A University of Saskatchewan graduate student is joining an effort to save one of the feistiest animals in Australia.

U of S grad student developing software to stop spread of contagious cancer in the creatures

Once the Tasmanian devils were trapped for data collection, they were temporarily put into burlap sacks. (Submitted by Paul Lamp)

A single computer science class Paul Lamp of Saskatoon took several years ago started him on an unexpected journey tracking Tasmanian devils in Australia.

"I never thought I'd be able to do this," Lamp said of the Australian-focused work he's doing as a computer science graduate student at the University of Saskatchewan.

"I thought I would, you know, take on some software development, software engineering job and maybe that'd be it."

These days, he is focusing on a contagious cancer called called devil facial tumour disease (DFTD), which wiped out 80 per cent of the Tasmanian devil population between 1996 to 2015 before the numbers began stabilizing.

Paul Lamp said his work could be done within the next year or year and a half. (Rosalie Woloski/CBC News)

Lamp's course changed after studying simulation modelling, which allows people in his line of work to track how diseases spread through animal populations.

His first real-life project was studying chronic wasting disease in deer before Lamp started his master's work and pivoted to the Tasmanian devil, a marsupial that's confined to the island of Tasmania off the south coast of Australia.

Lamp spends most of his time sitting in front of a computer in Saskatoon using software that mimics Tasmanian devils and the spread of the transmissible cancer they have while also giving him a chance to simulate ways to slow the disease's spread.

One example is moving Tasmanian devils to different locations, and finding the best way to do that.

"We can help the scientists in Tasmania to make a difference and help these animals to save the species," Lamp said.

But in May, he got a chance to see the Tasmanian devils in person in their natural habitat.

Paul Lamp enjoyed the view while in Tasmania. (Submitted by Paul Lamp)

While the squat, low-slung predators, about as big as a medium-sized dog, have a vicious bite and a frightening scream, which helped earn them the nickname "the devil," they are relatively tame when faced with humans out in the wild, Lamp said.

Once they're familiar with their visitors though, the devil comes out.

Lamp joined a crew that went out at night to trap the nocturnal creatures, which he said sat quite still while researchers took measurements and if the creatures had a tumour, had samples taken.

The physical effect of DFTD is described by those who study it as very graphic, and the disease typically kills Tasmanian devils who get it within a year and a half of getting it.

"You actually understand what you're working with and what's at stake, and what you're trying to save, really," Lamp said.

"Looking at pictures and looking at the computer model, that gets you so far, but actually looking at the real animals in their environment where they live gives you a different standing of it."

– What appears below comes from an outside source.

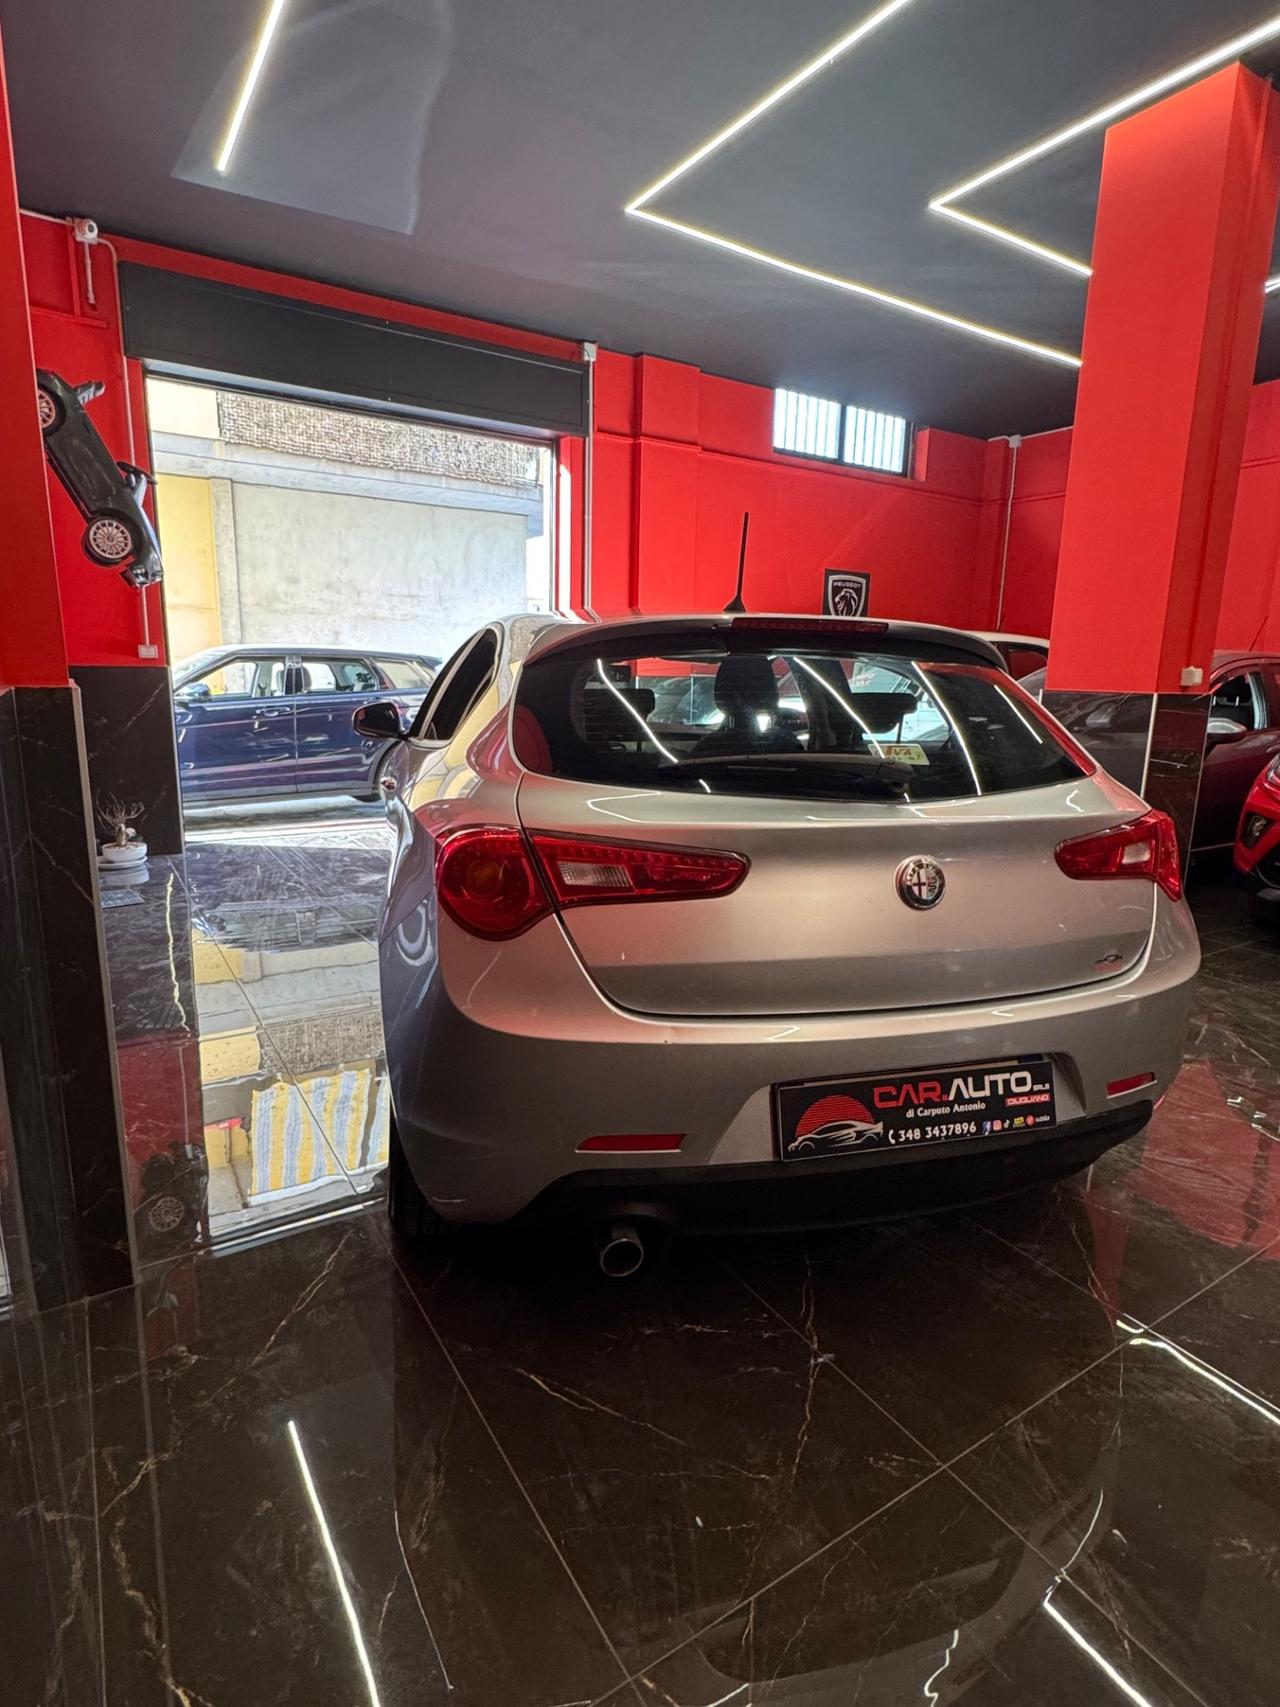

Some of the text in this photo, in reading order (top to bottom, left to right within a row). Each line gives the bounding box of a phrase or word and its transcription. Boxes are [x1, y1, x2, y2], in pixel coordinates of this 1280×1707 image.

[906, 1100, 986, 1118] di Carputo Antonio
[898, 1121, 977, 1142] 348 3437896

The following image is graphic in nature

The cancer cells from DFTD are spread when the Tasmanian devils bite each other during mating season. (Submitted by Paul Lamp)

The data gathered there becomes part of Lamp's complex computer matrix. He said researchers expect to get useful results within the next year, with the software expected to be complete by 2021.

The work gets funding from the San Diego Zoo, which he regularly video conferences with, and is in collaboration with several conservation organizations in Australia.